Mobile and sidewalk businesses need extra care. Saint Paul says mobile retail means selling non-food goods from a vehicle and requires a city license before operating. Restaurants and coffee shops that place tables or chairs on the public sidewalk may need a Public Works sidewalk café obstruction permit. Short-term rental hosts and platforms should check the city’s short-term rental pages before listing a property.

City renewals and fees

Saint Paul’s general renewal page says city business licenses, except temporary licenses, are valid for one year from the date issued. The city says renewal invoices are mailed 60 days before expiration and that late renewal may add late fees. License rules can differ by type, so use the current PAULIE record, renewal invoice, and business license fee table instead of relying on an old application packet.

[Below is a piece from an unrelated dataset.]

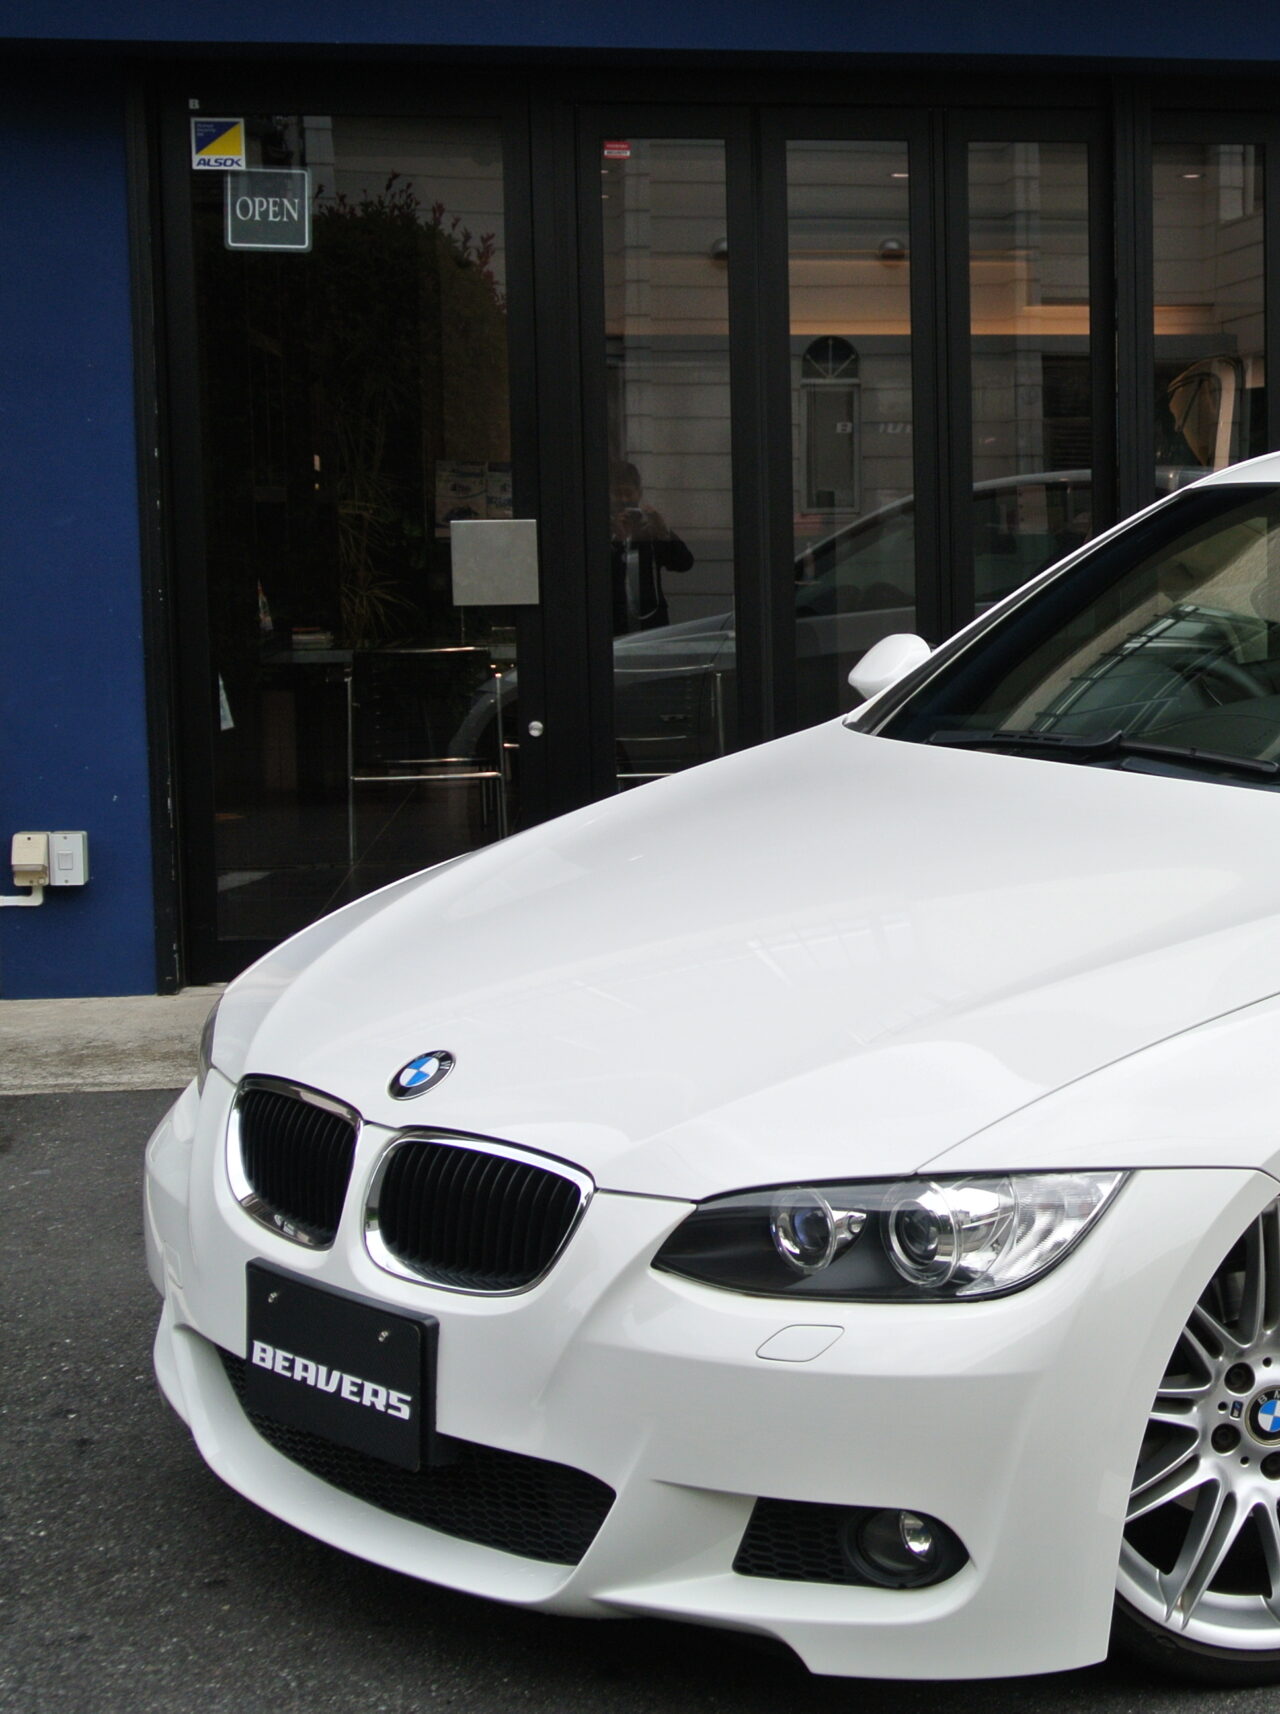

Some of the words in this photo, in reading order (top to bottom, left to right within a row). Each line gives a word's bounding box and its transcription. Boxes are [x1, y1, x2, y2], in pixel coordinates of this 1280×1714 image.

[196, 157, 242, 168] ALSOK
[235, 196, 299, 221] OPEN
[252, 1340, 412, 1420] BEAVERS

Ramsey County requirements

St. Paul is in Ramsey County. The city’s business page tells readers that Ramsey County may require licenses for certain business types and services. County requirements are not a substitute for city requirements. They are a separate layer.

County issues may come up for food, lodging, public health, hazardous waste, solid waste, county right-of-way work, environmental health, and county business programs. Food businesses should be especially careful because Minnesota food licensing can be handled by the Minnesota Department of Health, the Minnesota Department of Agriculture, or a delegated local public health agency depending on the menu, location, and type of operation.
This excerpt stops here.